Overall, Apache Spark is a more modern and versatile framework compared to Hadoop MapReduce, offering faster processing speeds, ease of use, and a wider range of data processing capabilities.
Apache Spark Components
- Spark Core: The foundation of Spark, Spark Core provides the basic functionality for distributed computing, including task scheduling, memory management, and fault recovery.
- Spark SQL: Spark SQL is a module for working with structured data using SQL queries. It allows users to query data stored in various formats, such as JSON, CSV, and Parquet.
- Spark Streaming: Spark Streaming enables real-time processing of streaming data. It provides an interface for processing data in mini-batches, allowing users to apply the same processing logic to both batch and streaming data.
- Spark MLlib: Spark MLlib is a library for machine learning algorithms. It provides a set of tools for building and training machine learning models, such as classification, regression, clustering, and collaborative filtering.
- GraphX: GraphX is a module for graph processing, enabling users to perform graph analytics and computation using the same Spark infrastructure.
- SparkR: SparkR is a module for working with data using the R programming language. It allows R users to interact with Spark data structures and perform distributed computing tasks.
Different modes of Deployment in Apache Spark
Apache Spark can be deployed in three different modes:
- Local Mode: In local mode, Spark runs on a single machine, using a single JVM process. This mode is useful for testing and development purposes, where a small amount of data is processed on a single machine.
- Standalone Mode: In standalone mode, Spark runs on a cluster of machines, using its own built-in cluster manager. This mode is suitable for larger-scale production deployments, where multiple machines are used for data processing.
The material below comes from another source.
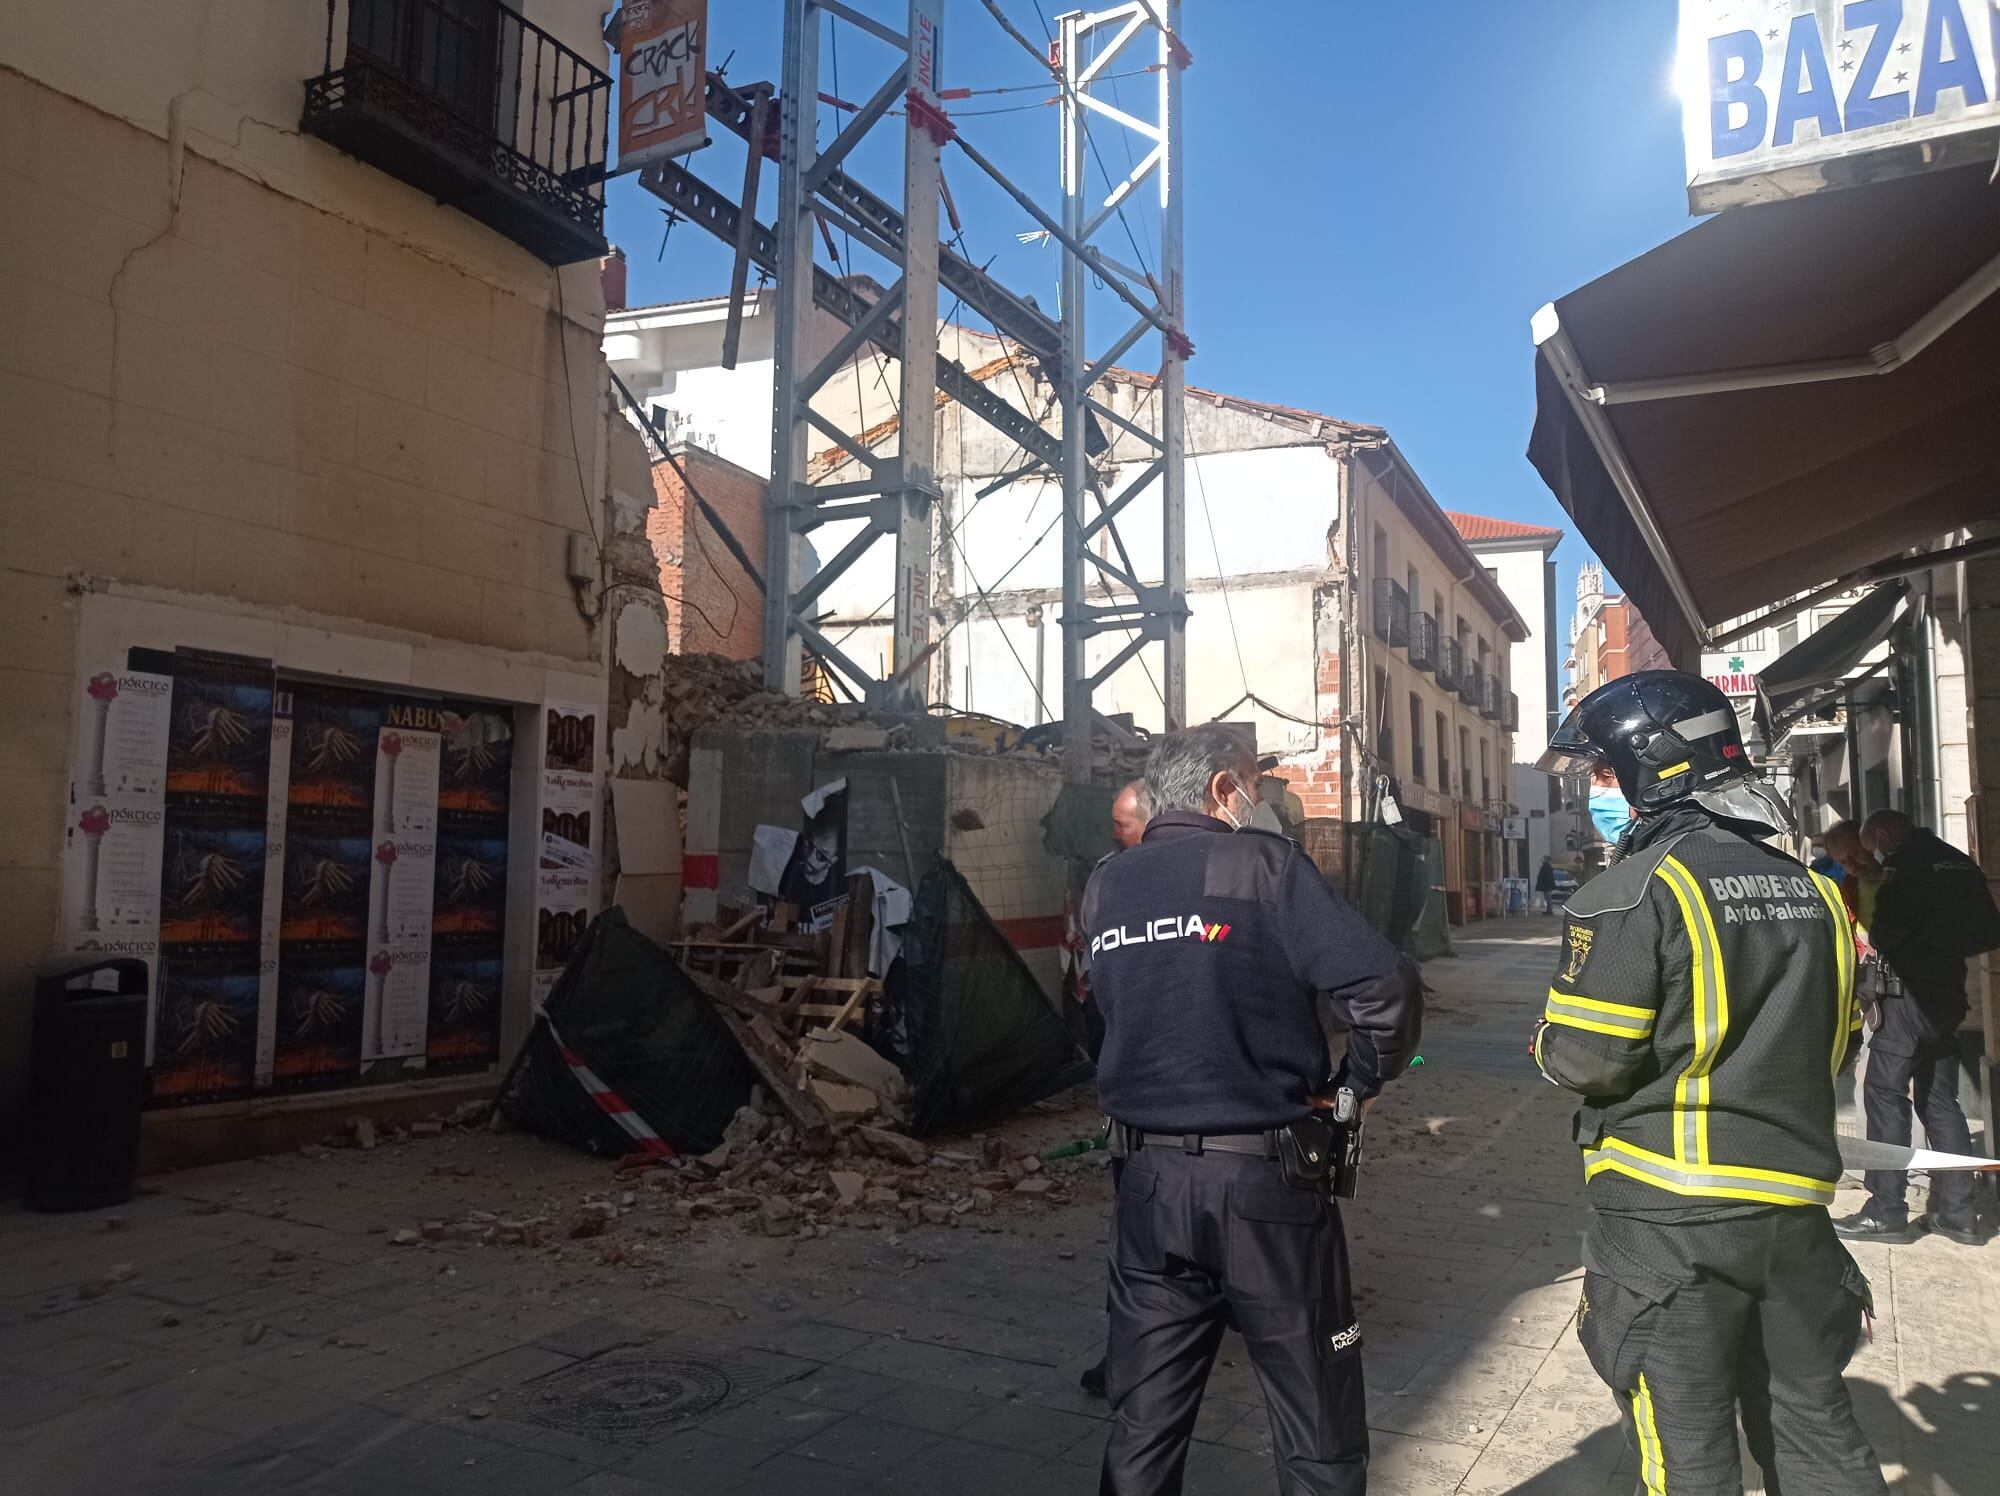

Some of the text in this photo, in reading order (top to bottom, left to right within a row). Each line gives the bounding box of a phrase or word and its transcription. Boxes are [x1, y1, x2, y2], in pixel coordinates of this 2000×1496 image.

- Cluster Mode: In cluster mode, Spark runs on a cluster of machines managed by an external cluster manager such as Apache Mesos, Hadoop YARN, or Kubernetes. This mode is suitable for large-scale deployments in production environments where Spark applications need to coexist with other applications on the same cluster.
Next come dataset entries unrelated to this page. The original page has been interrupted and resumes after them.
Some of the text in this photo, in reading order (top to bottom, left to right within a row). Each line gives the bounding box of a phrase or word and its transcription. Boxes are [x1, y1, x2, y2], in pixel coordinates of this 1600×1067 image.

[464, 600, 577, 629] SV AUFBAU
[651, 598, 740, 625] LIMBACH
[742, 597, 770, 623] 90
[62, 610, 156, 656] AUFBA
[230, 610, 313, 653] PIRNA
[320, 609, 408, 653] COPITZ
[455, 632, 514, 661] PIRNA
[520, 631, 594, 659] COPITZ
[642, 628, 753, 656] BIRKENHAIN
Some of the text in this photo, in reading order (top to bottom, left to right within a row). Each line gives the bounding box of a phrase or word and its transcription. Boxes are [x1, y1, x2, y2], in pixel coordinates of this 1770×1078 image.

Each deployment mode has its own benefits and limitations. Local mode is easy to set up and use, but can only handle small amounts of data. Standalone mode is more powerful and can handle larger-scale data processing, but requires more resources and setup time. Cluster mode provides the most flexibility and scalability, but requires additional setup and configuration of an external cluster manager. The choice of deployment mode depends on the specific use case and the amount of data being processed.